We embrace SRE principles-automation, reliability, and performance-to develop and operate infrastructure that scales with Proton's growing user base. If you want to thrive in a high-impact role where infrastructure meets privacy, this is an opportunity to contribute to one of the most security-conscious and performance-critical environments in the industry.
What You Will Do:
- Design, build, and operate resilient application and traffic management systems for Proton's most critical production services.
- Develop and maintain automation tools to enhance deployment processes, configuration management, and service reliability.
- Ensure availability and performance of production services through load balancing, network optimization, and failure recovery strategies.

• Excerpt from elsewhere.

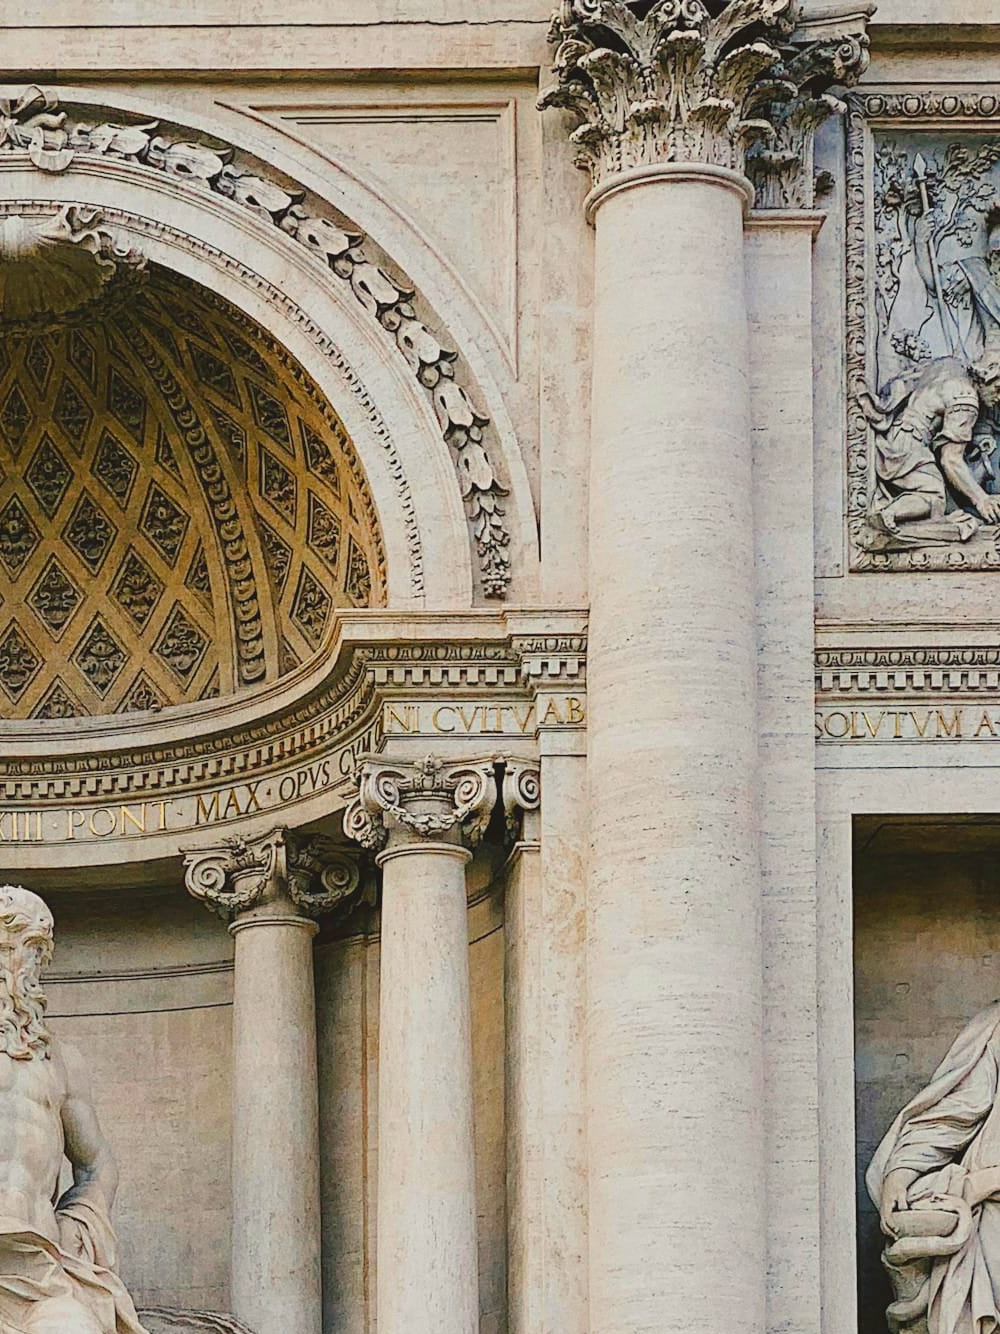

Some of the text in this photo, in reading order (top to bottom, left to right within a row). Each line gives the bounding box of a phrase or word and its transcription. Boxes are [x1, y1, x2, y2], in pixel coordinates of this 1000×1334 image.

- Improve monitoring, alerting, and incident response to maintain high availability and rapid issue resolution.
- Optimize and scale Proton's hybrid infrastructure, spanning on-premises and cloud-based deployments.
- Collaborate with product and security teams to implement best practices for privacy and data protection at every layer of the stack.
- Document and share knowledge to foster a culture of learning and continuous improvement within the team and beyond.
Requirements
- Bachelor's degree in Computer Science, a similar field, or the equivalent practical experience.
- Strong knowledge of networking, including TCP/IP, DNS, and HTTP/HTTPS traffic management.
- Experience deploying, tuning, and maintaining high-performance load balancing solutions (e.g., HAProxy, Envoy, Traefik).
- Familiarity with Kubernetes and container orchestration in production environments.
- Experience with software development and automation in one or more programming languages (e.g., Python, Rust, Go).
- Ability to troubleshoot complex production issues across network, application, and system layers.
- A strong security mindset, with an understanding of secure infrastructure practices.
Bonus Points For:
- Hands-on experience with traffic shaping, rate limiting, and DDoS mitigation strategies.
- Deep expertise in Kubernetes service optimization and management.
- Experience with Infrastructure as Code (Terraform, Ansible, or similar).
- Familiarity with privacy-focused infrastructure challenges and solutions.